Hey just throwing out an idea.

I know I've been on MS for a while now and active on here, the sag bay fishing and Detroit river/lake Erie boards, but really except for the random happen stance run in with someone at the boat ramp don't really know anyone personally

Some of the fishing forums do regular meet and greet fishing events on whatever body of water so everyone can puta face with an screen name. For obvious reasons, waterfowling doesn't lend itself to that type of social gathering as well. But what about a calling gathering?

Would allow ms members to meet and all of that while still doing something waterfowl related. I'm sure there's lots of us that are always looking to learn a few notes. I know that I'm throwing around the idea of contest calling and would love some advice or in person help with some of the more advanced note sequences just as I'm sure some would like basic calling 101 help. 

Sounds like a fun idea to me at least, any interest?


----------



## billbuster1 (Jul 27, 2010)

thats an awesome idea


----------



## Shiawassee_Kid (Nov 28, 2000)

i think i passed 1fish once in the canal we waved at each other. shaiwassee meet and greet at its best. 

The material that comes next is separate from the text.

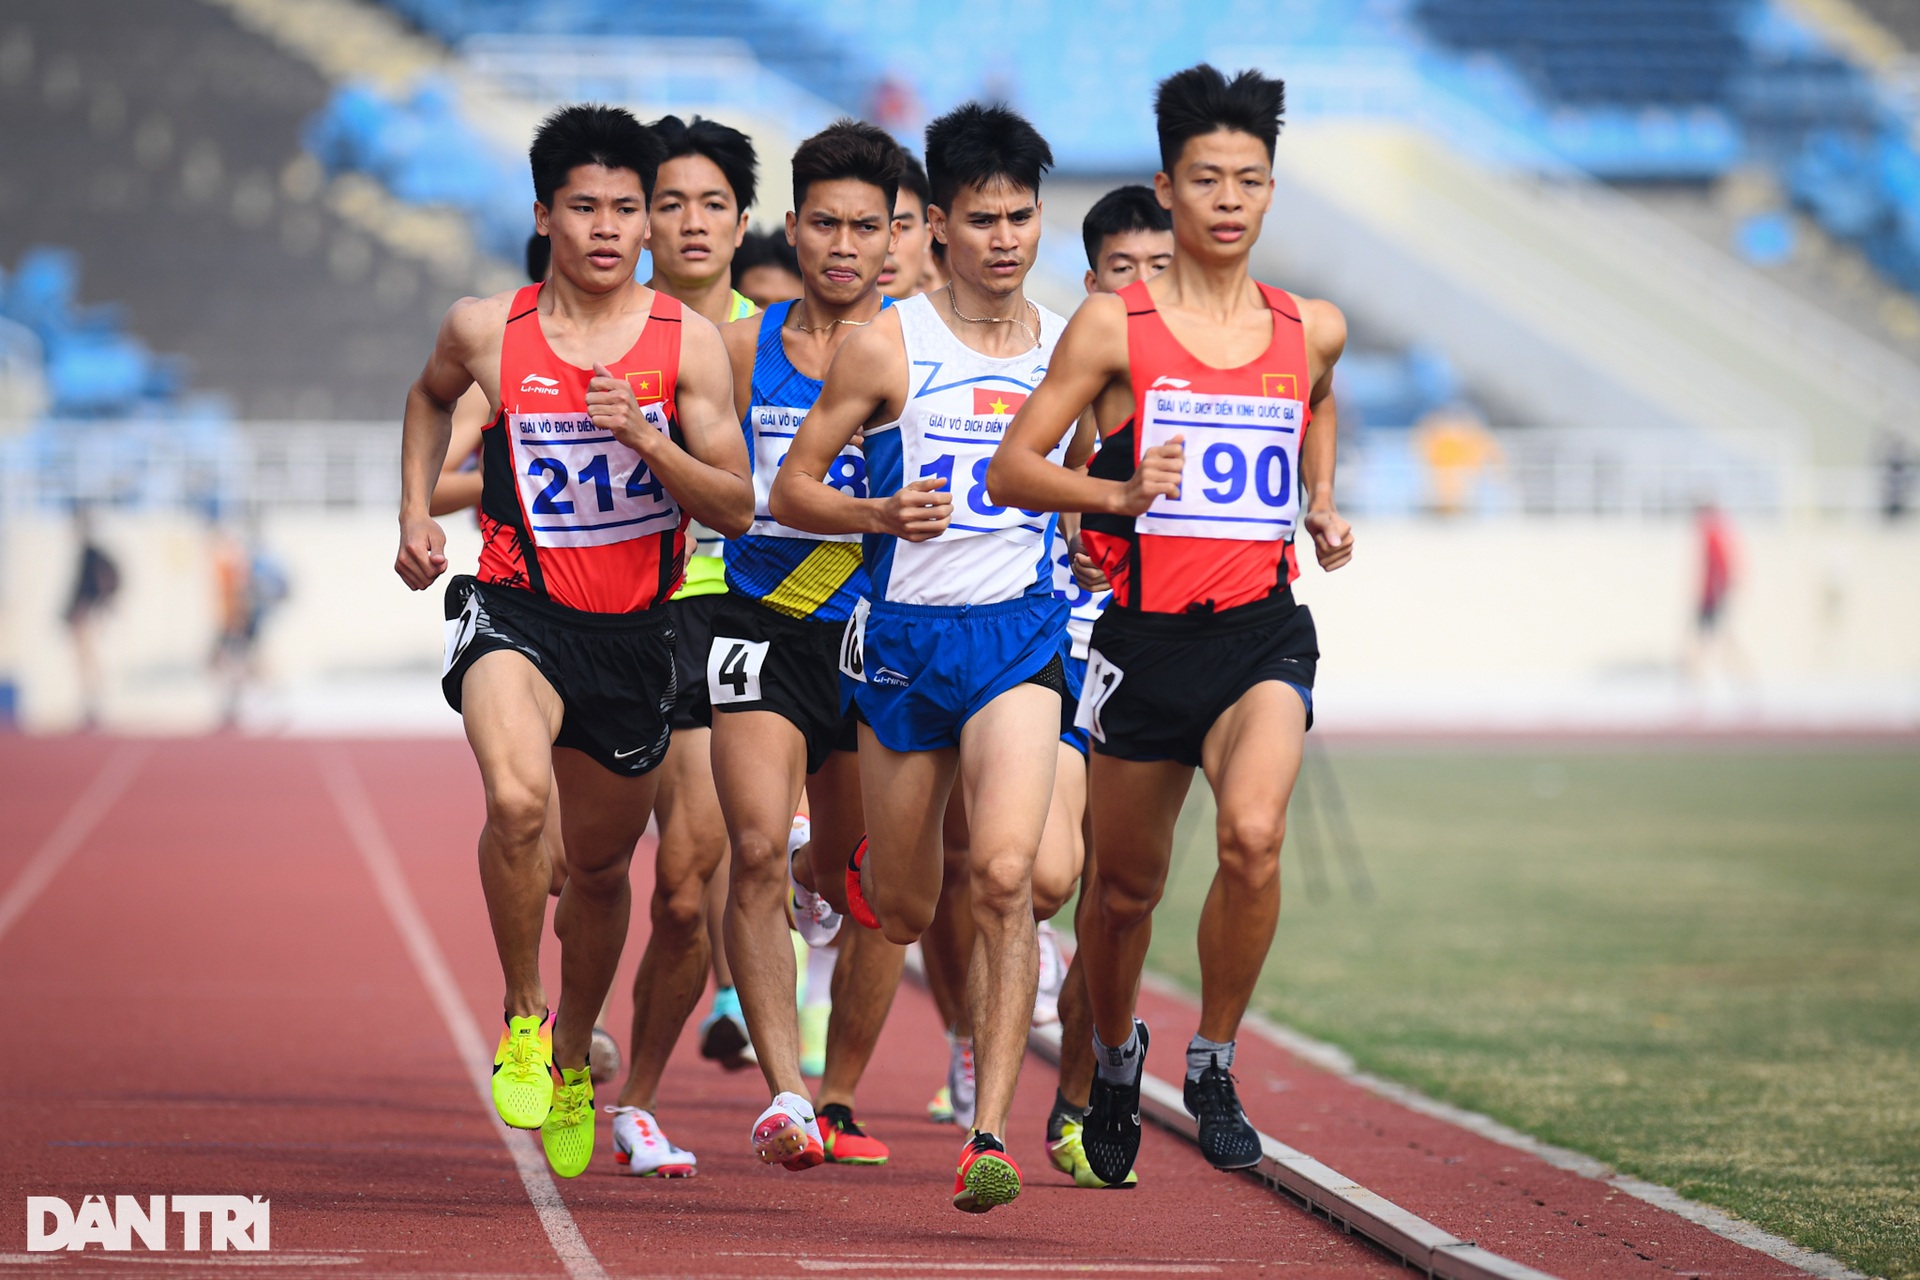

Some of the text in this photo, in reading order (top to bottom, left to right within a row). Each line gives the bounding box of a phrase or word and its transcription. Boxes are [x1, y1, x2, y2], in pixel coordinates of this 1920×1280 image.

on serious note, sounds like a good idea.


----------



## DiversWelcome (Jan 15, 2007)

I am pretty sure I ran into 1fish in the Speedway by Haslett too.


----------



## Water_Hazard (Aug 16, 2006)

I ran into 1fish coming in from a field on an afternoon hunt when I was on my way home from scouting. Also ran into him at wal mart. Probably will be running into him on some backroads this coming week.


----------



## Water_Hazard (Aug 16, 2006)

I can have one at my house. I'm in the middle of the state. Just have to freshen up the horseshoe pits. Has to be some time after the 15th, and before the youth hunt.


----------



## Shiawassee_Kid (Nov 28, 2000)

Water_Hazard said:


> I can have one at my house. I'm in the middle of the state. Just have to freshen up the horseshoe pits. Has to be some time after the 15th, and before the youth hunt.


lol 2 day window eh?


----------



## 1fish (Oct 2, 2006)

So looking like either the 18th or 19th? If water hazard is willing to offer a location, maybe the rest of us can provide food and drink? 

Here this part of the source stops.